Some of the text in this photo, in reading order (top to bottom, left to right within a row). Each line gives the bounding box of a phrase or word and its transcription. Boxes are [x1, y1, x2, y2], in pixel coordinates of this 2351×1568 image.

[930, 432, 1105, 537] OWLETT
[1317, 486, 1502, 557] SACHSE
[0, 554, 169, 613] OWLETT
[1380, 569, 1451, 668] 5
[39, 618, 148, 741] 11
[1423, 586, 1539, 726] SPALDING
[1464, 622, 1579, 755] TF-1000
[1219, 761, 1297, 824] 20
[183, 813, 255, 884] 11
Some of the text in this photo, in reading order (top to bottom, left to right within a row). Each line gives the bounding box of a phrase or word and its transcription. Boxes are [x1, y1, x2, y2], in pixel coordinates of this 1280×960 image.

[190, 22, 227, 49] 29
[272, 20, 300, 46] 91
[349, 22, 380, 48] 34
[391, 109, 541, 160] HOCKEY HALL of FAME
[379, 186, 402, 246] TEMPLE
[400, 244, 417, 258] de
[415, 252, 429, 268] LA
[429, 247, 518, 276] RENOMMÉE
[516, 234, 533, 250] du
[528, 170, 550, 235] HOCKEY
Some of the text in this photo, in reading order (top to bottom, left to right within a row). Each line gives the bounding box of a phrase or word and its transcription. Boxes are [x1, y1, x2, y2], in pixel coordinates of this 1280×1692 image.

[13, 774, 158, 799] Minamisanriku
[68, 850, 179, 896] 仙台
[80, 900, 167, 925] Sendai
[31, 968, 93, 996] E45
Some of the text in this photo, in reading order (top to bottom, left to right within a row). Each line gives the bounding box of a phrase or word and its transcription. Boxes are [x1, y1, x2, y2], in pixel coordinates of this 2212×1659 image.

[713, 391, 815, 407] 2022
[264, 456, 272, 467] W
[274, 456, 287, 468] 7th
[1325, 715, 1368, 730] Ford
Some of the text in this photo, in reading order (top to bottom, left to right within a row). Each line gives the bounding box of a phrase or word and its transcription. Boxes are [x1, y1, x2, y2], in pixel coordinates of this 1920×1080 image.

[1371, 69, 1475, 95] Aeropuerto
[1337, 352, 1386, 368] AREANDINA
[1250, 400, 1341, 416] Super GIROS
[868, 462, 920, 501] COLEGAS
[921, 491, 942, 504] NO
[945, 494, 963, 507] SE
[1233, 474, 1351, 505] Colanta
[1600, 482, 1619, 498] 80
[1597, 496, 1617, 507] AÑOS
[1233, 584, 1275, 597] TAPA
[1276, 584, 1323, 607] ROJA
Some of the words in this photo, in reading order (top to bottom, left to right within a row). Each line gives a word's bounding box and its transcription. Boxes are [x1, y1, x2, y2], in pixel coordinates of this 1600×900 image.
•••
> PROMPT: Return only what runs from the line containing "this 2212×1659 image." to the last line of the records above, both ends included, exactly as written.

> TASK RESULT:
Some of the text in this photo, in reading order (top to bottom, left to right within a row). Each line gives the bounding box of a phrase or word and its transcription. Boxes are [x1, y1, x2, y2], in pixel coordinates of this 2212×1659 image.

[713, 391, 815, 407] 2022
[264, 456, 272, 467] W
[274, 456, 287, 468] 7th
[1325, 715, 1368, 730] Ford
Some of the text in this photo, in reading order (top to bottom, left to right within a row). Each line gives the bounding box of a phrase or word and its transcription. Boxes are [x1, y1, x2, y2], in pixel coordinates of this 1920×1080 image.

[1371, 69, 1475, 95] Aeropuerto
[1337, 352, 1386, 368] AREANDINA
[1250, 400, 1341, 416] Super GIROS
[868, 462, 920, 501] COLEGAS
[921, 491, 942, 504] NO
[945, 494, 963, 507] SE
[1233, 474, 1351, 505] Colanta
[1600, 482, 1619, 498] 80
[1597, 496, 1617, 507] AÑOS
[1233, 584, 1275, 597] TAPA
[1276, 584, 1323, 607] ROJA
Some of the words in this photo, in reading order (top to bottom, left to right within a row). Each line gives a word's bounding box and its transcription. Boxes are [x1, y1, x2, y2], in pixel coordinates of this 1600×900 image.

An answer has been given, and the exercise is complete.